Copy the data below exactly, omitting any picture it contains.

--*--

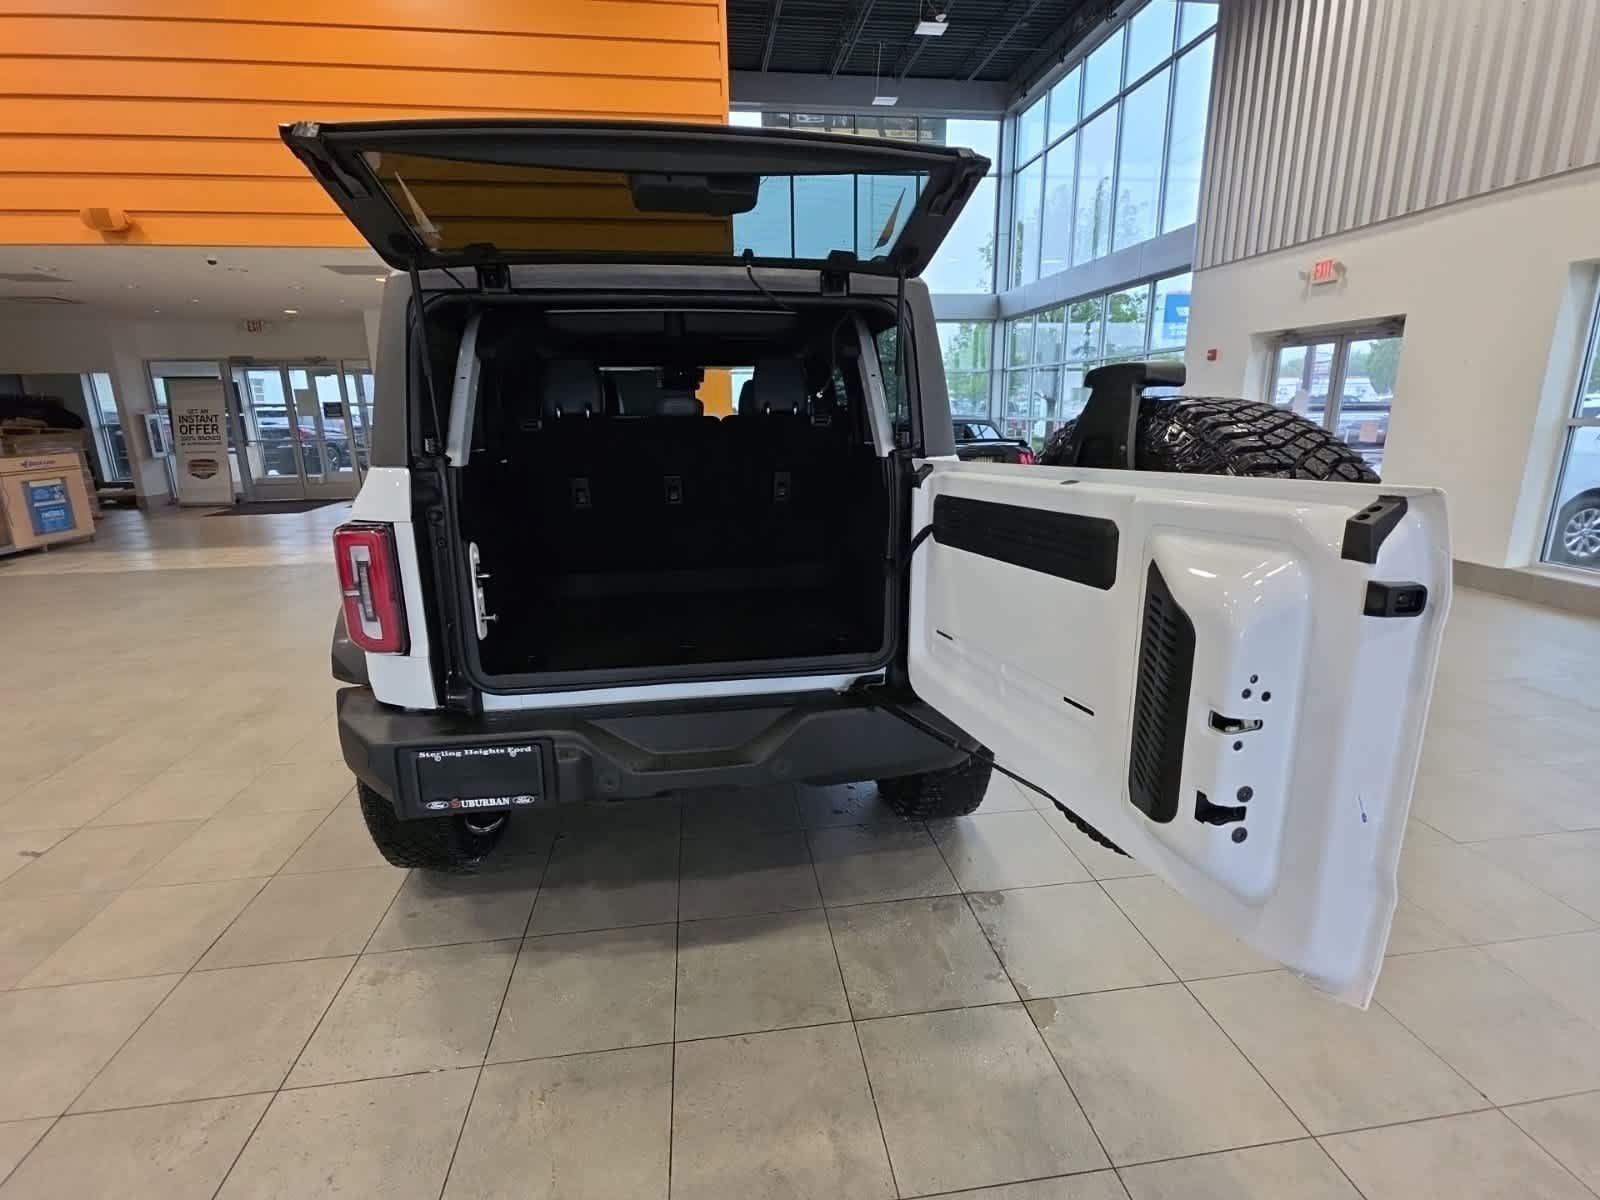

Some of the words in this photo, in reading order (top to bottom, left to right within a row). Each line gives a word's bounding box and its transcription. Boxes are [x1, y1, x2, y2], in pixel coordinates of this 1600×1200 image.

[1314, 260, 1335, 281] EXIT
[178, 415, 219, 423] INSTANT
[179, 423, 220, 435] OFFER
[463, 747, 505, 756] Heights
[507, 746, 532, 754] Ford
[450, 798, 511, 809] SUBURBAN

--*--

RESPONSE AREA:
Some of the words in this photo, in reading order (top to bottom, left to right within a row). Each line gives a word's bounding box and its transcription. Boxes are [x1, y1, x2, y2], in pixel coordinates of this 1600×1200 image.

[1314, 260, 1335, 281] EXIT
[178, 415, 219, 423] INSTANT
[179, 423, 220, 435] OFFER
[463, 747, 505, 756] Heights
[507, 746, 532, 754] Ford
[450, 798, 511, 809] SUBURBAN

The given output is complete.